La chute de ce même Remco Evenepoel à l’entrée du dernier rond-point a tout changé, Jonas Vingegaard décidant ensuite de son propre aveu de couper son effort. Et c’est donc au sprint que s’est jouée la victoire pour la troisième journée consécutive. Battu la veille par Magnus Cort Nielsen, Dorian Godon s’est cette fois-ci montré largement au-dessus de la mêlée, disposant des Britanniques Ethan Vernon (NSN) et Noah Hobbs (EF Education-EasyPost) avec aisance.
UNE NOUVELLE OPPORTUNITÉ INATTENDUE CE JEUDI
“J’étais dans la première bordure, je n’ai pas perdu d’énergie dans le vent, je n’ai pas stressé”, évoquait-il au micro de Cycling Pro Net après la course, derrière le podium protocolaire. “Je ne me suis pas trop soucié de Remco (Evenepoel) et de (Jonas) Vingegaard, je me suis concentré sur le sprint. L’équipe a fait un super boulot. Oscar (Onley) est notre leader (pour le classement général, NDLR) mais il a fait le dernier kilomètre à bloc. J’ai eu un peu de réussite avec la chute de Remco mais je ne pensais qu’à la gagne aujourd’hui (mercredi). Il n’y a pas photo et je suis trop content”.

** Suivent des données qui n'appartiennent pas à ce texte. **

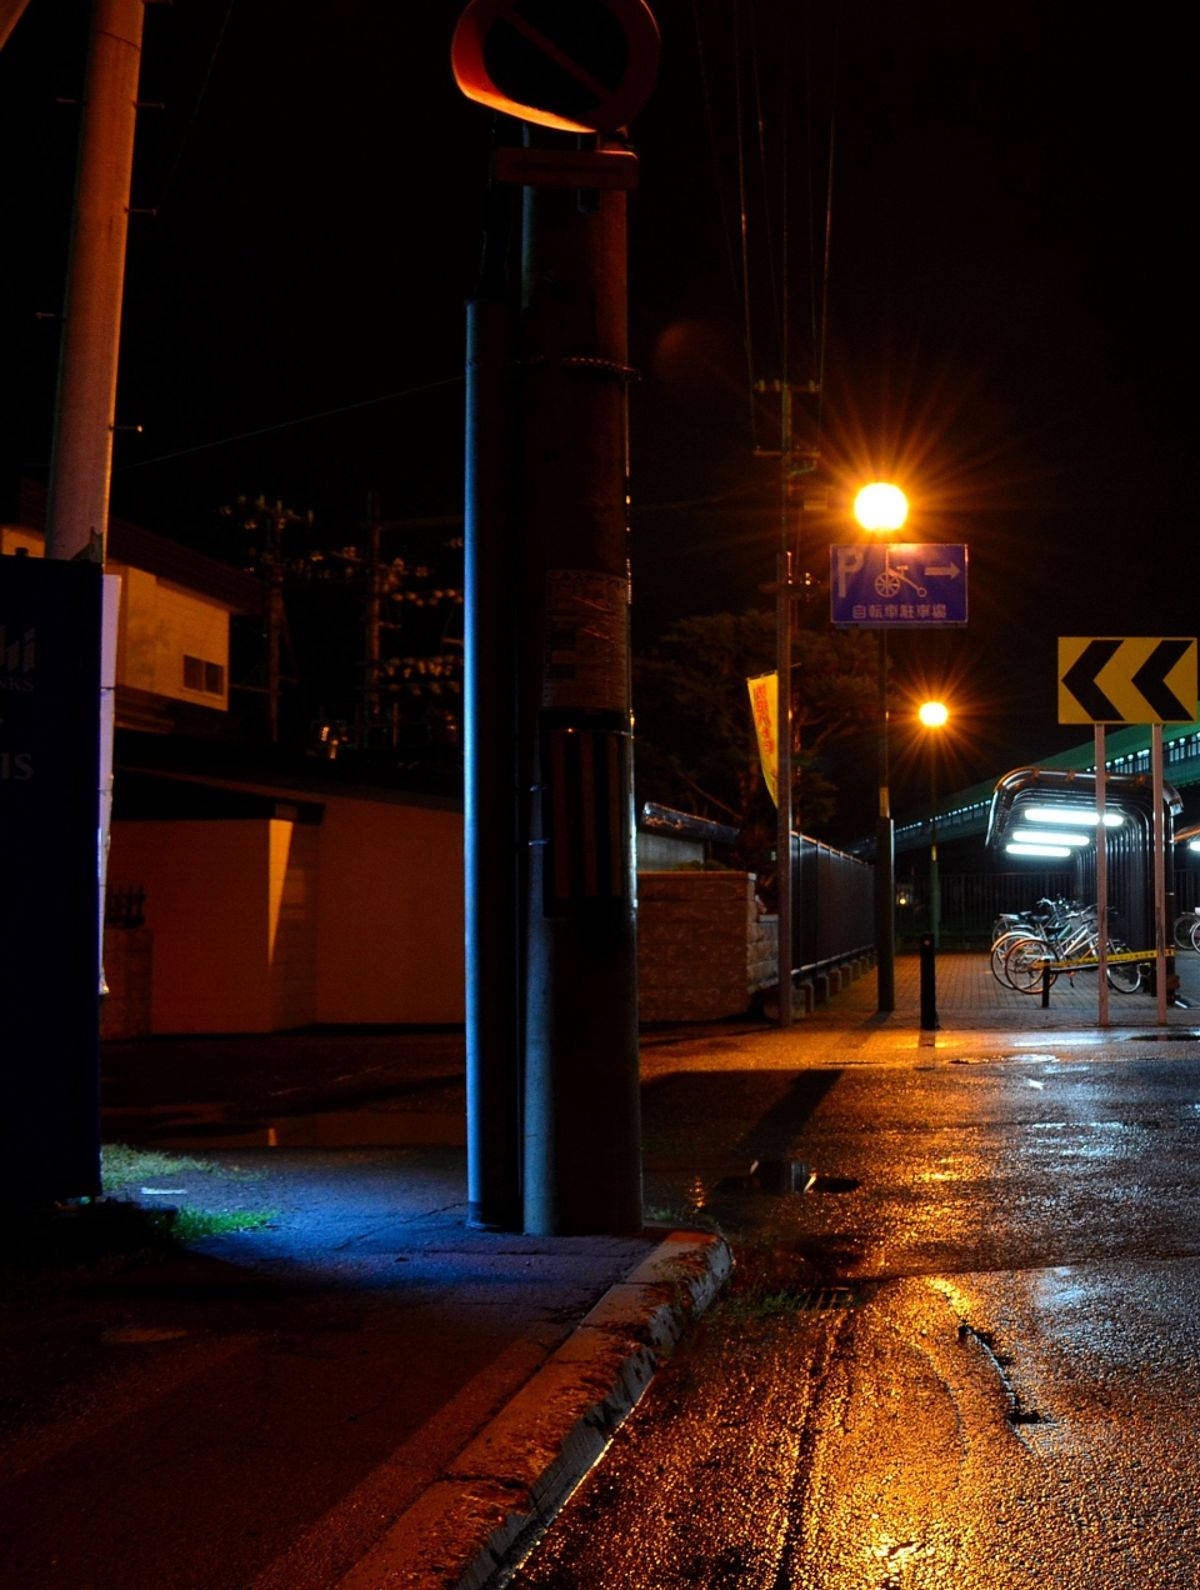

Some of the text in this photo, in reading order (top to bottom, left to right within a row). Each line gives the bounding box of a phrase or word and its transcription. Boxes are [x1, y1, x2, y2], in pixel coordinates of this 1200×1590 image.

Alors qu’en raison de vents violents, la quatrième étape n’arrivera finalement non pas au sommet de l’ascension de Vallter – pour ce qui devait être l’étape reine de l’épreuve catalane – mais à Camprodon, au pied de la montée finale, le surpuissant sprinteur-puncheur d’INEOS Grenadiers pourrait finalement trouver là une nouvelle occasion de l’emporter.